Free-text object descriptions:
*-*-*

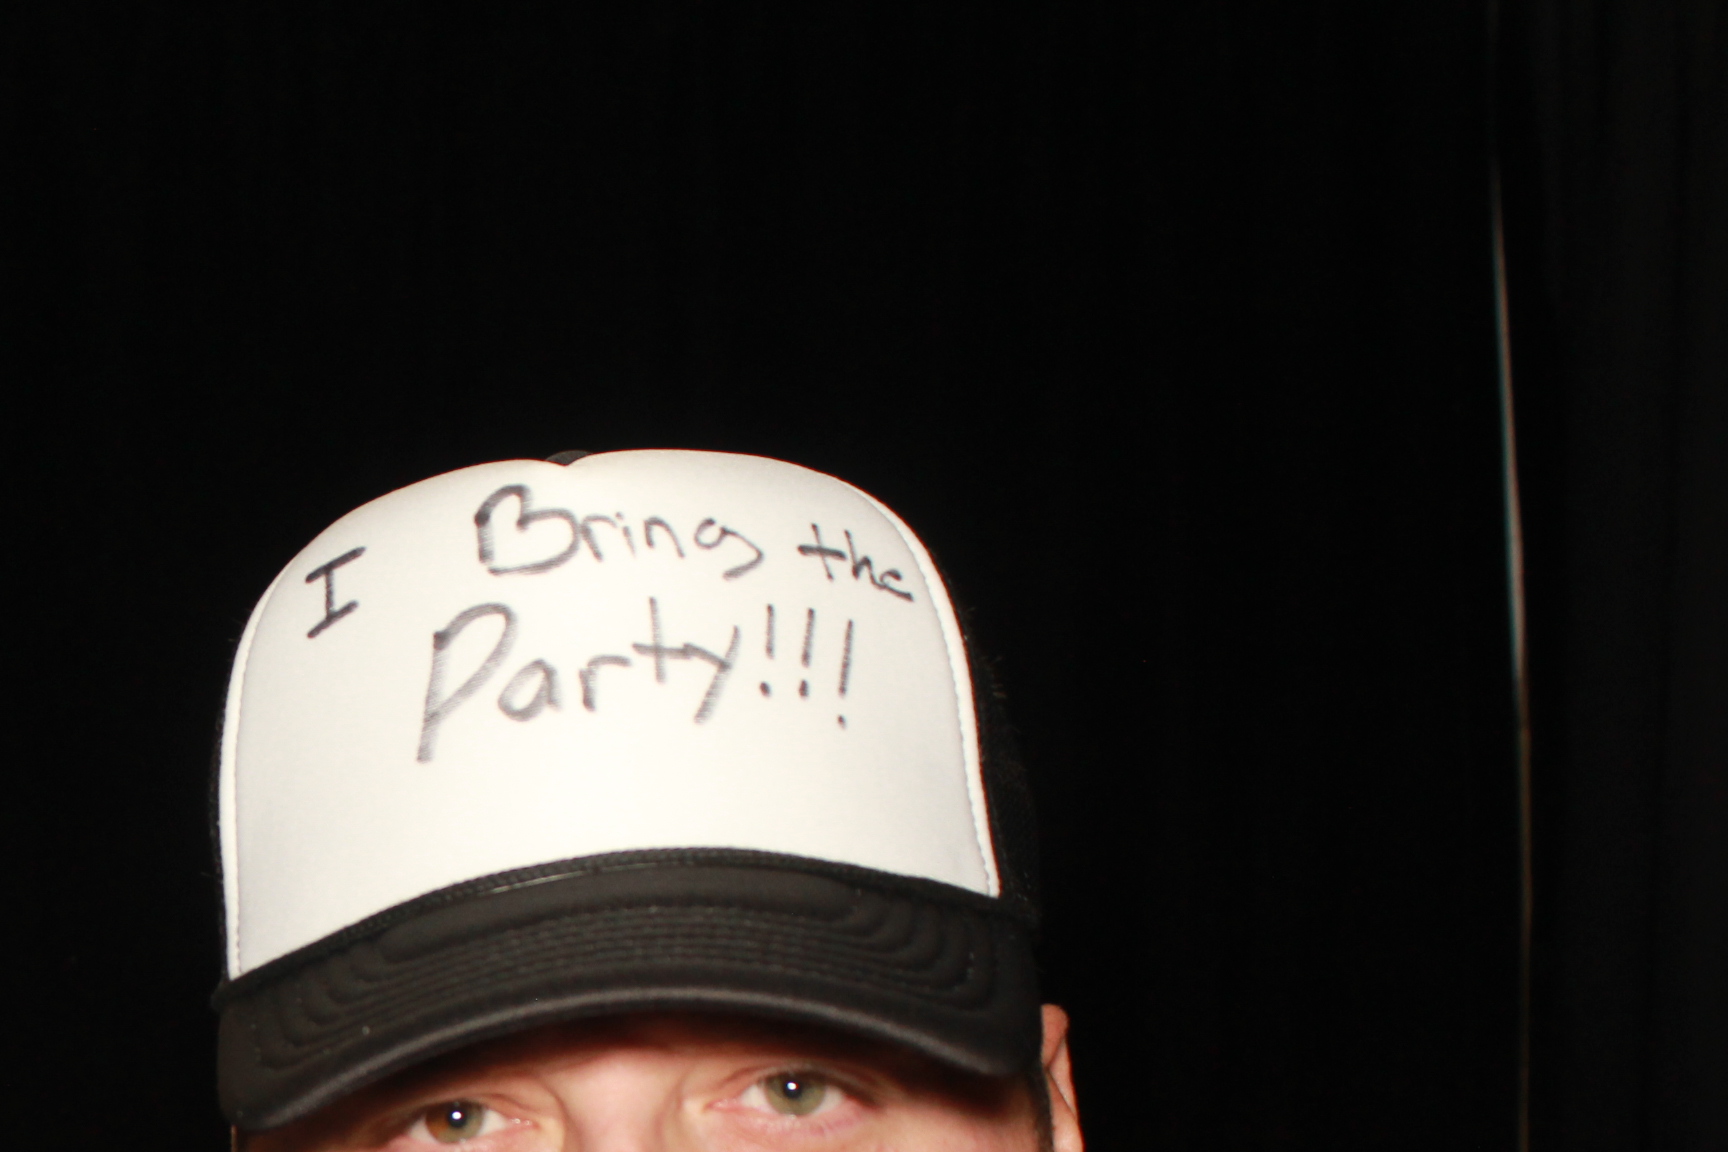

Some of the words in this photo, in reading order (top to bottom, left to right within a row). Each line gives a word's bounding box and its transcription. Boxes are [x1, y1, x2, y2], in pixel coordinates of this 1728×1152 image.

[305, 546, 366, 638] I
[474, 484, 765, 580] Bring
[798, 523, 914, 602] the
[416, 597, 855, 763] Party!!!

*-*-*

## WHAT THE TASK REQUIRES
Set every record down again verbatim, without pictures.

## SOLUTION FOR THIS PROBLEM
Some of the words in this photo, in reading order (top to bottom, left to right within a row). Each line gives a word's bounding box and its transcription. Boxes are [x1, y1, x2, y2], in pixel coordinates of this 1728×1152 image.

[305, 546, 366, 638] I
[474, 484, 765, 580] Bring
[798, 523, 914, 602] the
[416, 597, 855, 763] Party!!!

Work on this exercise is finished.